In economics, capitalism and socialism are opposing trains of thought that many either misunderstand or sometimes confuse. It can be difficult, with the different economic and political structures, to understand them or differentiate between each one. In the center of the argument about capitalism and socialism is the role of government and economic equality. For example, socialists believe economic equality is bad while socialism is based on a free market. There are also many differences in the systems that naysayers have described as shortcomings.
Joseph A. Schumpeter’s book, “Capitalism, Socialism, and Democracy” reveals many shortcomings in both political ideas. Schumpeter explains the inherent flaw in capitalism lies in prices (45). Producers must compete with other producers that result in driving down prices in order to keep business going; there is often a loss of quality in the good when this happens. The lowered quality comes at the cost of the consumer, setting a lower standard for the population (47). If a business continues to drive prices down there is increasingly little money to pay employees to work, creating a poor work environment or sometimes eliminating jobs entirely (49). Competition is the lifeblood of capitalism, rewarding those who make lucrative decisions and punishing those who do not. It benefits from both parties. Those who protest capitalism find its most inherent flaw lies within its ability to gain from the poor, as well as the rich (78). Eszter Bartha’s book, “Alienating Labor: Workers on the Road to Socialism and Capitalism in East Germany and Hungary” states that socialism’s flaw is in the human’s desire to get something for nothing (22). Socialism promises prosperity for all, equality, and a sense of security but because of human greed delivers only despair and poverty. As the Soviet’s saw, taking all incentives away and making them meaningless only proves that humans will work to create their own incentives, eventually, caving socialism in on itself (68). The lack of pricing mechanisms was also thought to disallow socialist societies to set pricing quotas, rendering them ineffective in their own marketplace or any other (72).
Despite their many differences, there are ways that capitalism and socialism overlap. Each economic structure is built upon ownership, according to Schumpeter (14). Capitalism is built on private ownership, where an individual is free to make their own choices, own goods, and fail or triumph at their own hands. Socialism is based on social ownership. Everything is owned by the state; everybody is employed by the state. Everything is also supposed to be distributed equally. What is mine is yours and vice versa. Though there is no incentive, the unspoken motive is that we are all working for one another, even though none of this is in our control (15). The same idea could be vaguely associated with capitalism, since capitalism’s system is based on the idea that the economy can benefit not only from the victory of the rich but the downfall of the poor. Capitalism as the rich while socialism has the state, and each party benefits no matter what the rest of the population decides for themselves.

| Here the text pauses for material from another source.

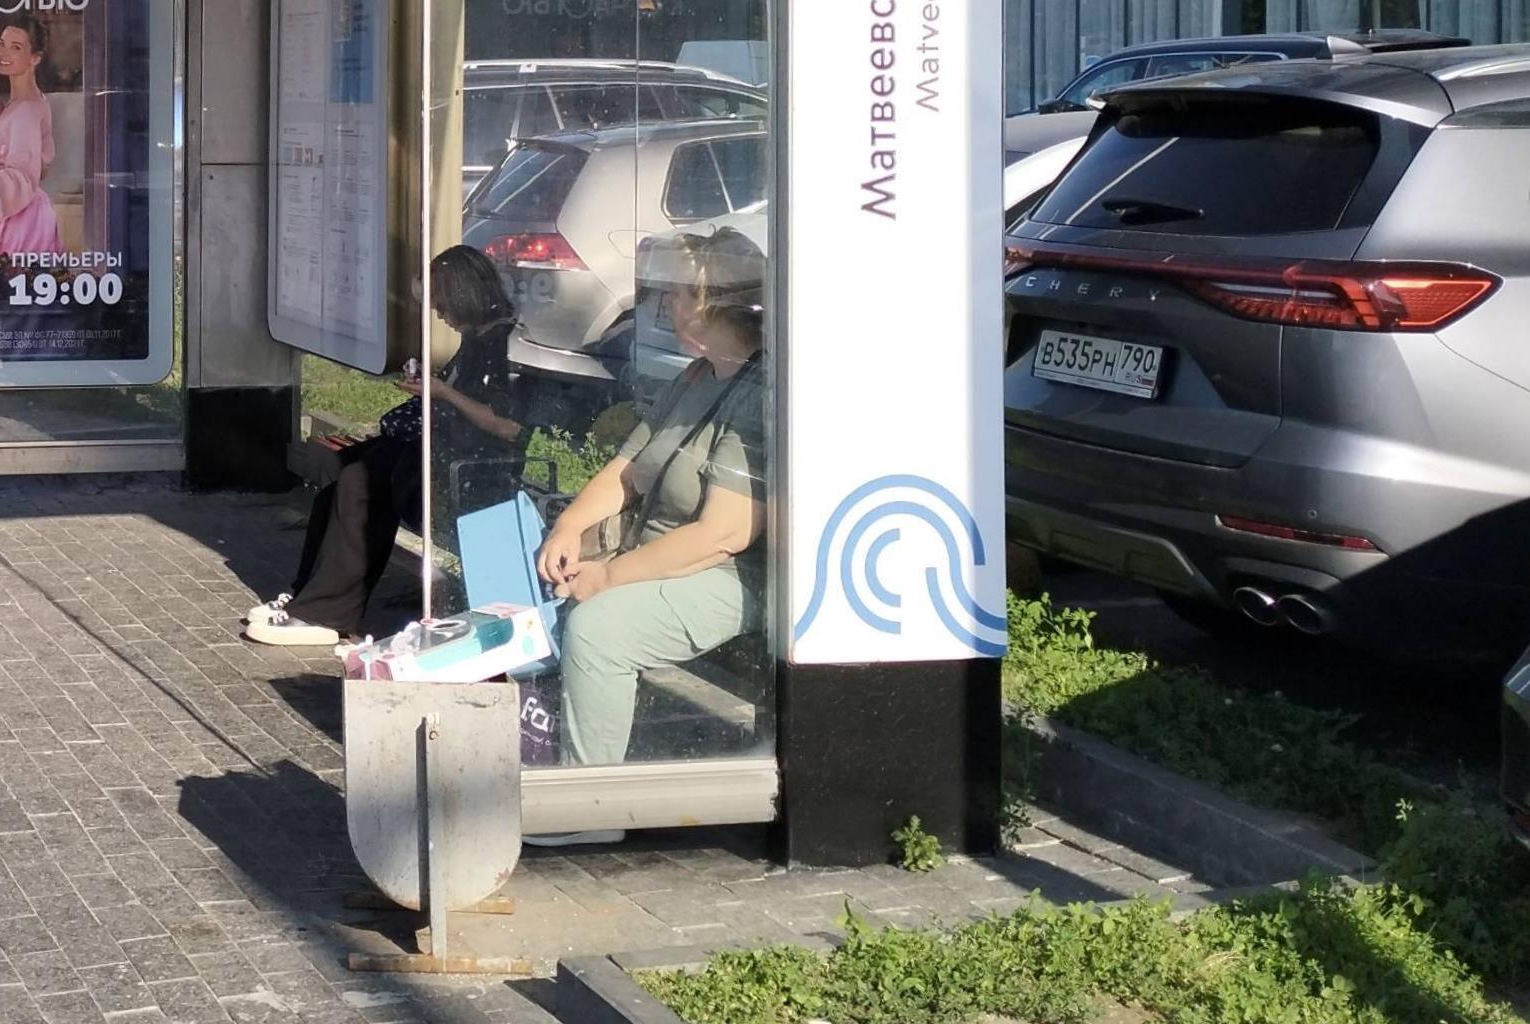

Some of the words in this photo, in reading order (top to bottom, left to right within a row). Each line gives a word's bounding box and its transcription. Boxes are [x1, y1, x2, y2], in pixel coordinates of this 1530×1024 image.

[12, 251, 122, 268] ПРЕМЬЕРЫ
[9, 273, 123, 305] 19:00
[1025, 276, 1160, 301] CHERY
[1121, 345, 1155, 373] 790

Initially, capitalism and socialism seem very different. One offers a free market where individuals can make decisions for themselves, create their own business, or work for somebody else. The other is rune solely by the state. People work for each other but also for themselves; it is all for the good of the country. While these seem completely different, capitalism and socialism also show similarities. The centers of their economic structures are based around ownership. Though the ownership is slightly different, the similarity remains. The fact that both of these systems are flawed also remains.
References
Bartha, Eszter. Alienating Labour: Workers on the Road from Socialism to Capitalism in East Germany and Hungary. Oxford: Berghahn Books, 2013. Print.
Schumpeter, Joseph A. Capitalism, Socialism, and Democracy. London: Routledge, 2013. Print.